According to rating agency Moody’s, “if the 50 percent rate sticks beyond 2025, the yawning tariff gap with the rest of Asia would ‘severely curtail’ India’s manufacturing ambitions and even prompt some foreign direct investors to pull out of the country,” says the report, highlighting what this could mean for Prime Minister Narendra Modi’s Make-in-India push.
“It’s been insane—at 50 percent tariff there is no business to be done,” Sivaramakrishnan Ganapathi, managing director of Gokaldas Exports, a garment manufacturer who supplies retailers, like Abercrombie and Fitch, and Walmart, is quoted as saying. “In the interim, brands are saying they’ll scale down their sourcing from India . . . they have options to go to Vietnam, Bangladesh, Sri Lanka.”
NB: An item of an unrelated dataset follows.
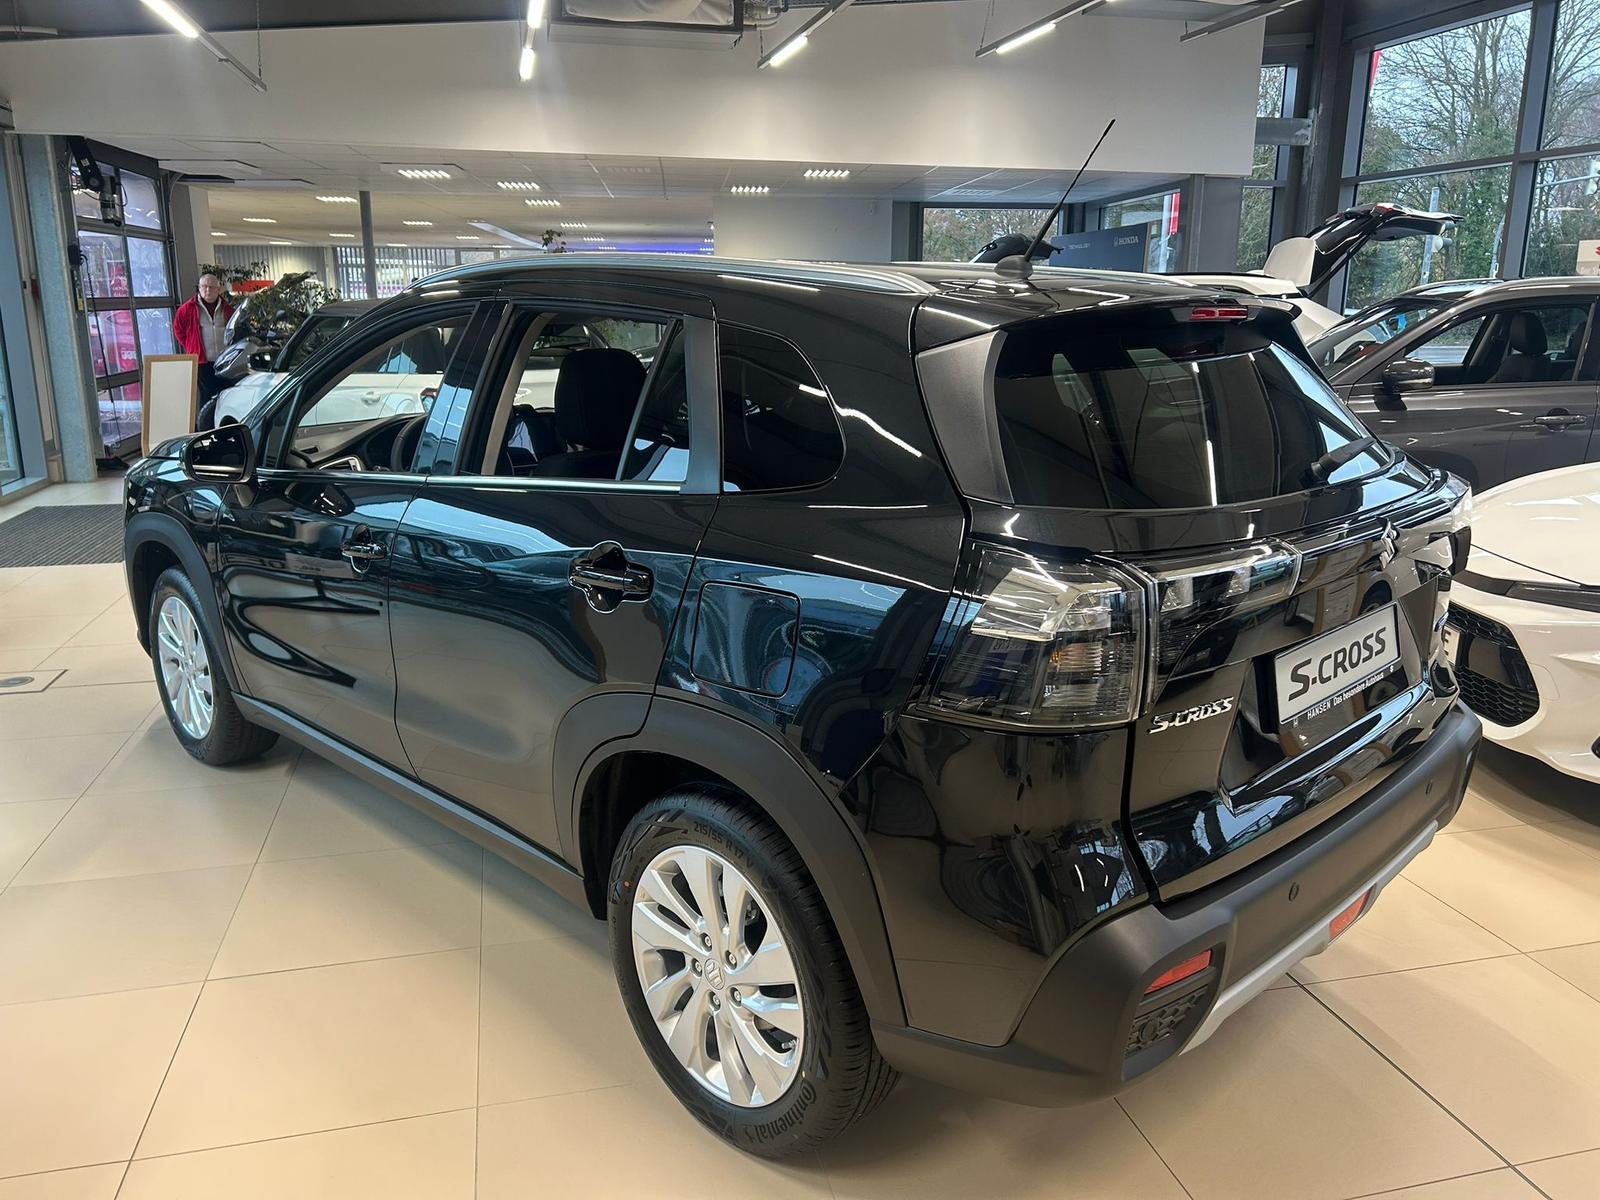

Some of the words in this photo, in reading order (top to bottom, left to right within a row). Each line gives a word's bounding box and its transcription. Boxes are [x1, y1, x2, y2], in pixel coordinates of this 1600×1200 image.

It is difficult to believe that it was only a few months ago that Trump and Modi stood side-by-side in the US, “projecting optimism as they pledged to lift bilateral trade to $500bn by 2030”. The relationship has since spiraled and Trump’s economic imperatives will also upend Modi’s domestic politics, writes Yale University professor Sushant Singh in an opinion piece in Financial Times.
“Modi, whose exaggerated claims of foreign policy achievements and strongman image—anchored in his supposed personal rapport with leaders like Trump—have been integral to his political standing among India’s middle-class, now faces withering domestic criticism. The opposition Indian National Congress party labelled him ‘Narendra Surrender’ for yielding to pressure from Trump. US-backed Hindu nationalist groups, politically vital for Modi, feel jettisoned by Trump’s attacks on India,” the article reads.
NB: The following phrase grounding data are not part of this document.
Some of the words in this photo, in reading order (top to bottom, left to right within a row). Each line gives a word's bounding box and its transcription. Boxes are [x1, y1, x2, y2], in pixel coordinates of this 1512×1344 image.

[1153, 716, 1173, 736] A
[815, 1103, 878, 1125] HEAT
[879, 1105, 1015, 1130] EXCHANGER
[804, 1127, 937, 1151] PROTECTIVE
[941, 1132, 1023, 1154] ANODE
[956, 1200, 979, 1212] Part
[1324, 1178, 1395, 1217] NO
The present rupture in India-US ties has roots in history. Both countries also have to grapple with a “half-century of misaligned interests”, writes Amit Seru, a senior fellow at the Hoover Institution and professor of finance at the Stanford Graduate School of Business, in The Washington Post. “India tilted toward the Soviet Union after independence in 1947, not for ideology alone but for survival,” he writes. And even after India liberalised its economy in 1991, ties with the US remained relatively frosty.
“Today, the pieces are in place for something better, if both sides stop looking over their shoulders. India is no longer a slow-moving socialist state but a $3.7 trillion economy brimming with tech talent and geopolitical ambition. There is little doubt about the direction India has chosen. Yet that path comes with a hedging strategy: friend to Russia for defense, energy ties with Iran and deepening links with Israel. And when it comes to the US, the relationship still feels oddly transactional,” he writes.
Meanwhile, Modi’s FTA with the UK has meant “unprecedented access” for the latter. About 40,000 “high-value tenders” are up for auction in the UK in a range of strategic sectors––”transport, green energy and infrastructure”––areas which have been “heavily protected from foreign investment”, reports Nikhil Inamdar for the BBC.
It is “far greater” than what India had offered in its earlier agreement with the United Arab Emirates and “sets a new benchmark”, Ajay Srivastava of Delhi-based think-tank Global Trade Research Initiative (GTRI), is quoted as saying.
Global media has also taken note of how the Supreme Court’s ruling on moving street dogs in Delhi NCR to shelters has enraged civil society, and dog lovers are up in arms. Alex Travelli and Suhasini Raj report in The New York Times that there has been “a rash of incidents in which children have been mauled and sometimes killed”, but the court’s order seems “to contradict the Animal Birth Control law, which requires strays to be vaccinated, sterilised and then returned to the places where they had been picked up”.
“But that strategy has not worked, the court found,” the report reads.
“The action proposed by the Supreme Court would require that the city’s free-roaming dogs, which are estimated to number as many as a million, be placed in facilities that even the justices acknowledge are yet to be built and that would need hefty funding to staff and operate,” it adds.